WHAT TO PRODUCE: Copy every record below exactly as written, but leave out the pictures.

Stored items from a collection
※

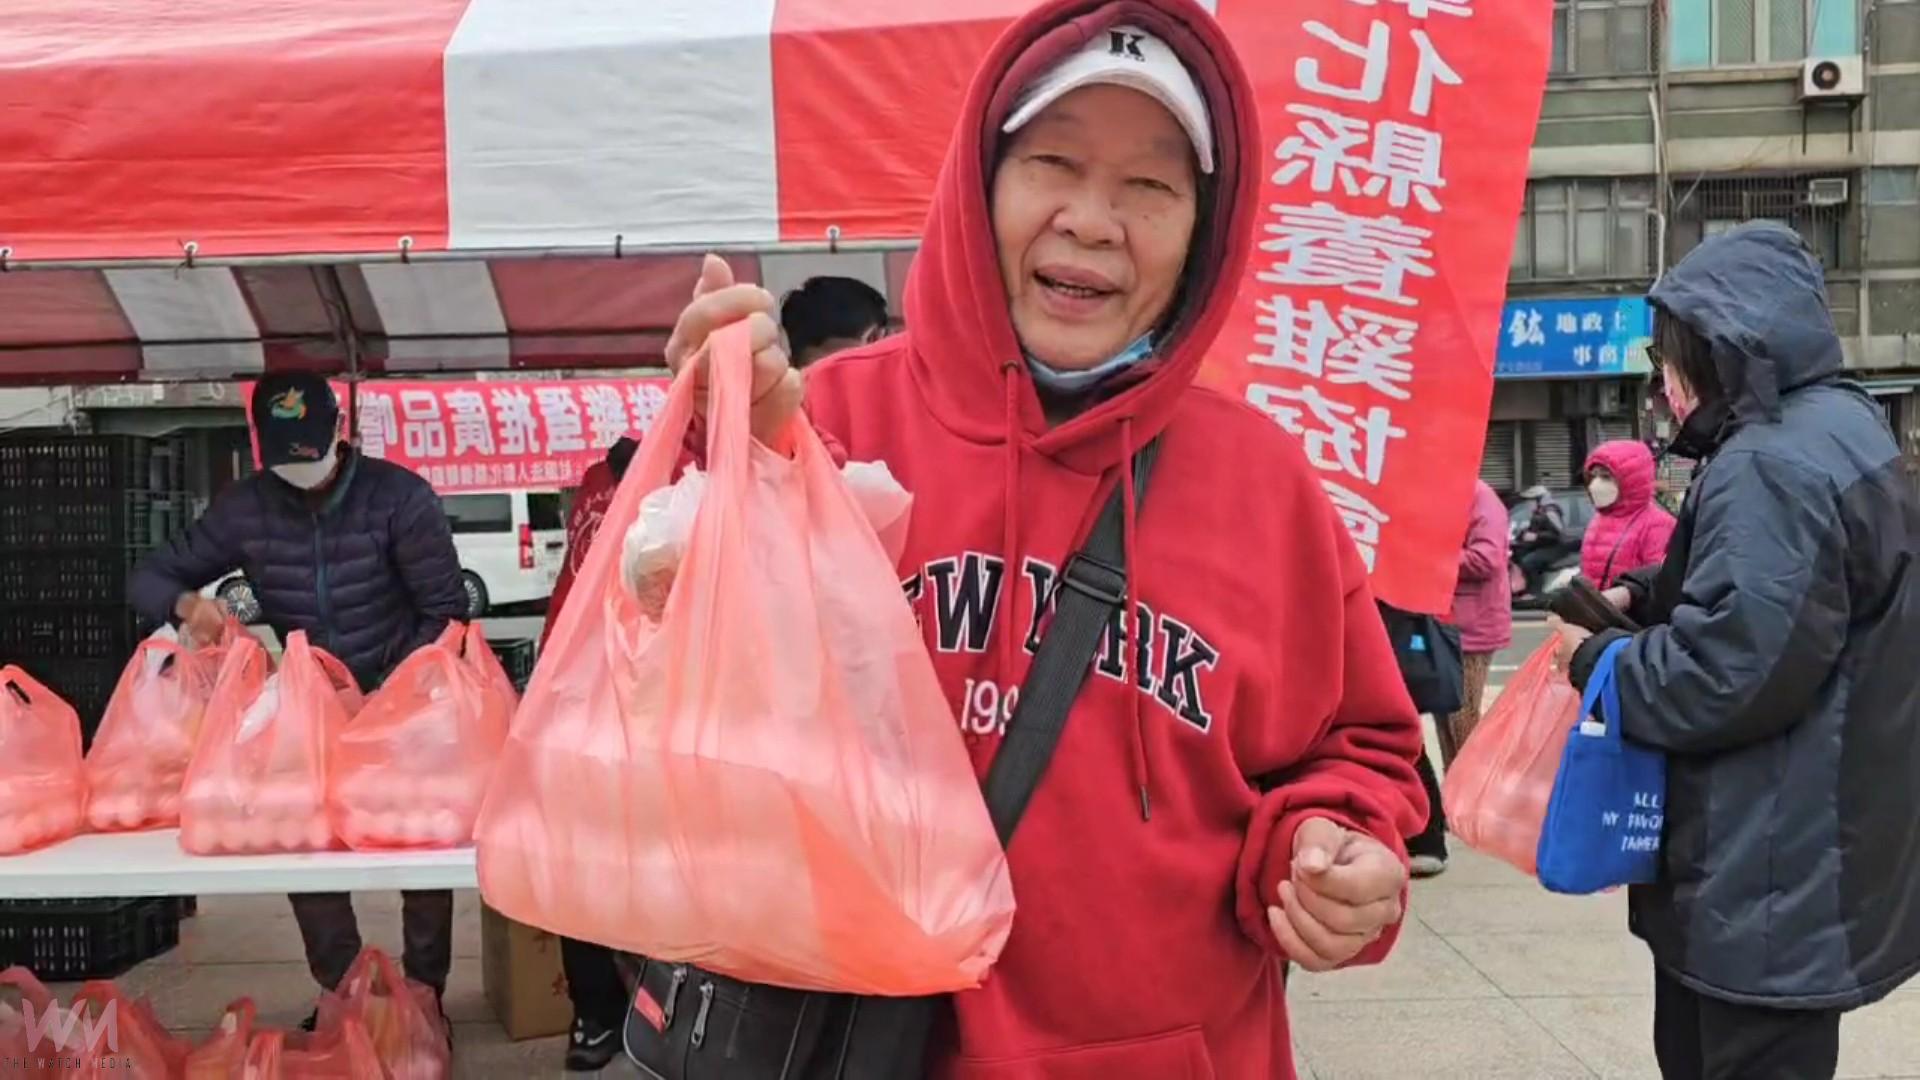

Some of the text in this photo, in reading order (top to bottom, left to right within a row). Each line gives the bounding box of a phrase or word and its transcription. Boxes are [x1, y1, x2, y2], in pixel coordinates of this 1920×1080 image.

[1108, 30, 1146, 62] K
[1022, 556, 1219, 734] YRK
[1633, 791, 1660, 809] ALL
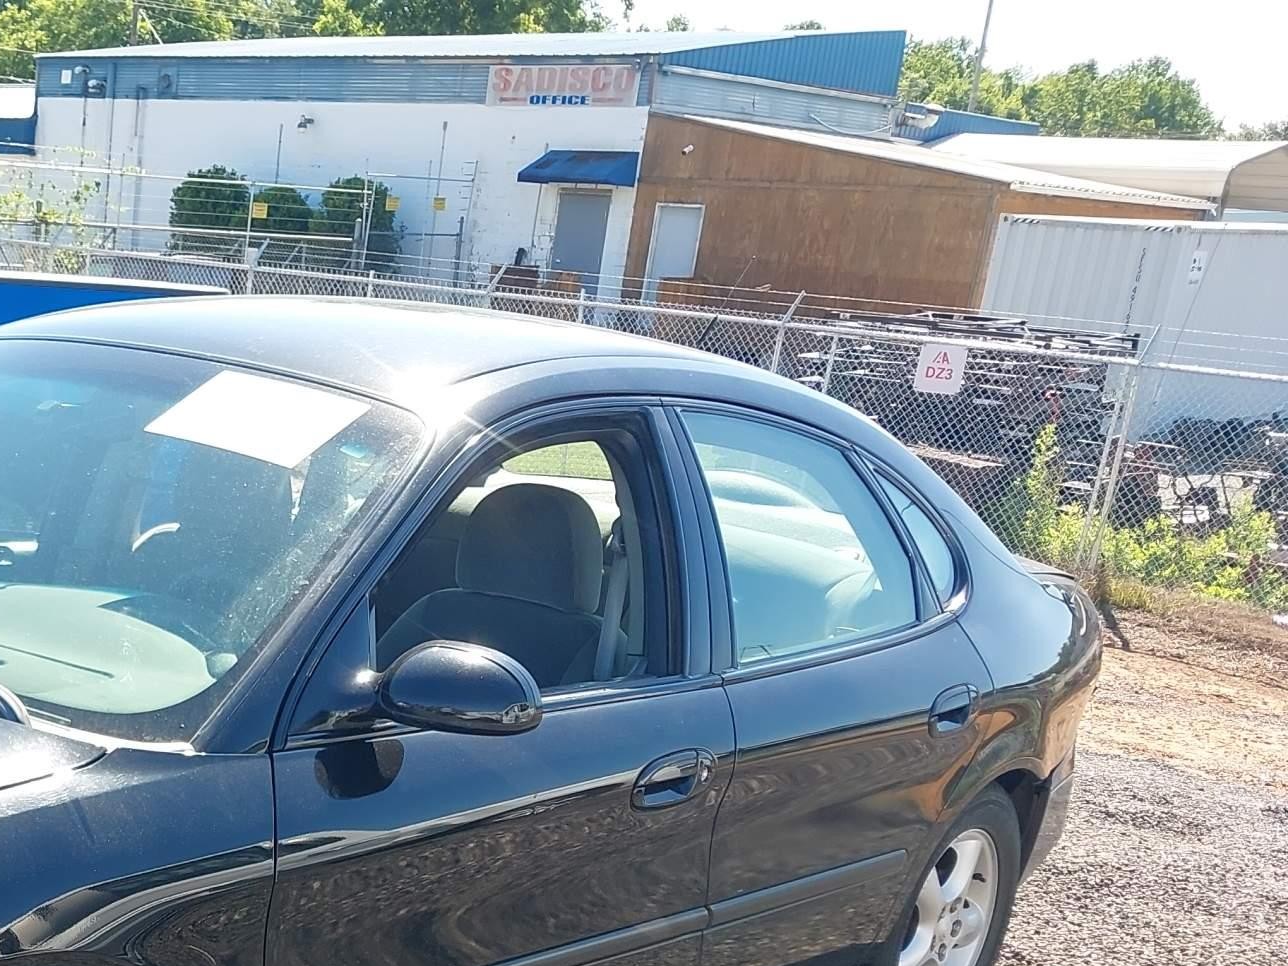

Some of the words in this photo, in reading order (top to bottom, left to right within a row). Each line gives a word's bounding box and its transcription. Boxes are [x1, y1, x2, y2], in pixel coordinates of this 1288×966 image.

※

PROBLEM SOLUTION:
Some of the text in this photo, in reading order (top to bottom, left to right within a row). Each line gives the bounding box of a phrase or word and its transcription. Boxes are [x1, y1, x2, y2], in pixel coordinates of this 1920×1080 image.

[1108, 30, 1146, 62] K
[1022, 556, 1219, 734] YRK
[1633, 791, 1660, 809] ALL

Some of the words in this photo, in reading order (top to bottom, left to right within a row). Each line gives a word's bounding box and its transcription. Boxes are [x1, y1, x2, y2], in pixel coordinates of this 1288×966 image.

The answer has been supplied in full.